Here are a few things I’ve been listening to recently. They’ve been bouncing around my head, insisting that I say something about them, and so I am. They have no connection to each other and one of them isn’t even metal at all. But for different reasons all three songs have sunk their claws into the mushy gray matter and won’t let go. Let me know what you think.
I latched on to this Minneapolis band because of the artwork you see above. It’s a Mark Riddick creation for the vinyl LP version of the band’s 2010 album Via Negativa (which was their fourth full-length), and it fuckin’ kills — one of my favorite pieces he’s ever done. The vinyl will be released at some point later this year by Behold Barbarity Records, and the album is available for streaming at the Teratism Bandcamp page. Unfortunately, you can’t download it there but CDs are available here.
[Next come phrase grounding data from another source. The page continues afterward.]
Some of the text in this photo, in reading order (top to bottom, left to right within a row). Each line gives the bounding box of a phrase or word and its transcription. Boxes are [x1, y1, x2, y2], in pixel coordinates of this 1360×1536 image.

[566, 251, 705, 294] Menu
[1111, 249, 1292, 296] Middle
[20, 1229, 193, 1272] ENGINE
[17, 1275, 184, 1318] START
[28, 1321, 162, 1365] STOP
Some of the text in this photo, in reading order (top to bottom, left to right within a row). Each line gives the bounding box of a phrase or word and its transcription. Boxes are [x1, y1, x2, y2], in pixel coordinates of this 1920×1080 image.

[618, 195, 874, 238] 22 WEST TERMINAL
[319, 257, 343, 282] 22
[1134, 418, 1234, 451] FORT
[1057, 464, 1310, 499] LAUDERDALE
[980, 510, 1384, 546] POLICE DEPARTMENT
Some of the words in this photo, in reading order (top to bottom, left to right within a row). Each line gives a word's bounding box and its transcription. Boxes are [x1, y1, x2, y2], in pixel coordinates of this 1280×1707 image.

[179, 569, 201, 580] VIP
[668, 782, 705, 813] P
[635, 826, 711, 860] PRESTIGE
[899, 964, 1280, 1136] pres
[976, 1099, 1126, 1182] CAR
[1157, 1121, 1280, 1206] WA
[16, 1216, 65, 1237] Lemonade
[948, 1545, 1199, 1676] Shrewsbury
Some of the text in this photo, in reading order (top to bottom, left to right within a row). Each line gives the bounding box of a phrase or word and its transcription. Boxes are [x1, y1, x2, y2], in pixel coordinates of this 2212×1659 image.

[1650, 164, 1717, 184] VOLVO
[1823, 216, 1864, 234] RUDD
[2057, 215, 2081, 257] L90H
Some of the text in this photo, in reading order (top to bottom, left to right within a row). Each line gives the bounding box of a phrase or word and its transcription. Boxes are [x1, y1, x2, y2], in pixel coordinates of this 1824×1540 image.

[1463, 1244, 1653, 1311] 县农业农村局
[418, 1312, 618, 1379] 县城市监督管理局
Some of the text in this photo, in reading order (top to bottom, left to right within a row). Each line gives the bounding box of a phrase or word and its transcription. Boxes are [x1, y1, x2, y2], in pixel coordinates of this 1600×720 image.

But the song that’s been wrecking my head recently isn’t from that album (though the album is massively good). Instead, it’s one I found after the Riddick art drew me to the Teratism FB page. It’s called “Shadows Flee the Burning Sons of Light” and it will be included on a forthcoming vinyl 12″ EP named La Bas, which consists of four previously unreleased Teratism tracks (recorded in 2009) and a cover of “Come To the Sabbat” by Black Widow. And that EP also features this vicious Mark Riddick cover art:
Here’s a thing that happened yesterday in Seattle, the city where I work: Shortly after 10 a.m., Seattle police responded to a report of a suspicious item near 3rd and Yesler in downtown Seattle. It was a backpack left at the entrance to a bus tunnel near the county courthouse, and guards reported they had seen wires in the backpack.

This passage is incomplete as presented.